→ What is expected: This exercise calls for every line of the data below with the string "CÔNG" in it.
---------- Data records
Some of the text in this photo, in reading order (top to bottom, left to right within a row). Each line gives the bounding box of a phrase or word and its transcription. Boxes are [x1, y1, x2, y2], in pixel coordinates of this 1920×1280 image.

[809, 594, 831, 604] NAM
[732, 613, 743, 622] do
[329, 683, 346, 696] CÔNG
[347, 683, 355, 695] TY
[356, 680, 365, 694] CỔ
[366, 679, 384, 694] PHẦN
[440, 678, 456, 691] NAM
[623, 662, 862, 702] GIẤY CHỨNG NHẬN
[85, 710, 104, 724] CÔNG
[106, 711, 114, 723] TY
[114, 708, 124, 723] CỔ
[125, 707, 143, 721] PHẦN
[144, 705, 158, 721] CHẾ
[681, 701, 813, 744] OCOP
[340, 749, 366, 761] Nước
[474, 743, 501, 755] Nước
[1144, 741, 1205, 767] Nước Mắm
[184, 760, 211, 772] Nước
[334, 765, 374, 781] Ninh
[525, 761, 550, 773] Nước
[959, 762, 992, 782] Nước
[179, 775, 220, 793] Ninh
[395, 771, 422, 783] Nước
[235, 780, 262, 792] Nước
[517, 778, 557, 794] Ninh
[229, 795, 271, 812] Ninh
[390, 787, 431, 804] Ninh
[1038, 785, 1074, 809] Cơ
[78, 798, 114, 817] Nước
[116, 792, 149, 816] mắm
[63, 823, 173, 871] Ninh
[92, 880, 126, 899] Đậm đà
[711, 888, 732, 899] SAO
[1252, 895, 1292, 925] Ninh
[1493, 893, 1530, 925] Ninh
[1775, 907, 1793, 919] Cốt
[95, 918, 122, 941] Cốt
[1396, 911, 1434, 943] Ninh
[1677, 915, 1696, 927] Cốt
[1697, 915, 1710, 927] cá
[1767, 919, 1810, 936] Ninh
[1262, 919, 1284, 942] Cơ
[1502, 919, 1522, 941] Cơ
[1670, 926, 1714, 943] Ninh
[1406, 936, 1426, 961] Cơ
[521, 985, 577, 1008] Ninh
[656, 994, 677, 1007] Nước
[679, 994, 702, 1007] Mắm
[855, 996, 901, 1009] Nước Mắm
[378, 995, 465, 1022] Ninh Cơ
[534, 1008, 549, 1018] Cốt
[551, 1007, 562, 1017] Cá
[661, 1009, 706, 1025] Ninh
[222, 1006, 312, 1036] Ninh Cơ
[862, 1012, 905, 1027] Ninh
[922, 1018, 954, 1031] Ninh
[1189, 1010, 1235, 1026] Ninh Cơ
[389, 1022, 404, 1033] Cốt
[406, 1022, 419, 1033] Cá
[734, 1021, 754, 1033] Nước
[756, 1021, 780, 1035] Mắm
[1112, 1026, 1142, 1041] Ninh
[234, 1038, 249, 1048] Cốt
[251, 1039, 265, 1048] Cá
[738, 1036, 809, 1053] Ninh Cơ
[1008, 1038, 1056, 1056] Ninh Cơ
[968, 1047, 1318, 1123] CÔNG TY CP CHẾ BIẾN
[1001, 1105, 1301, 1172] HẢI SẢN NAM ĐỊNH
--------------------
→ Exercise output:
[329, 683, 346, 696] CÔNG
[85, 710, 104, 724] CÔNG
[968, 1047, 1318, 1123] CÔNG TY CP CHẾ BIẾN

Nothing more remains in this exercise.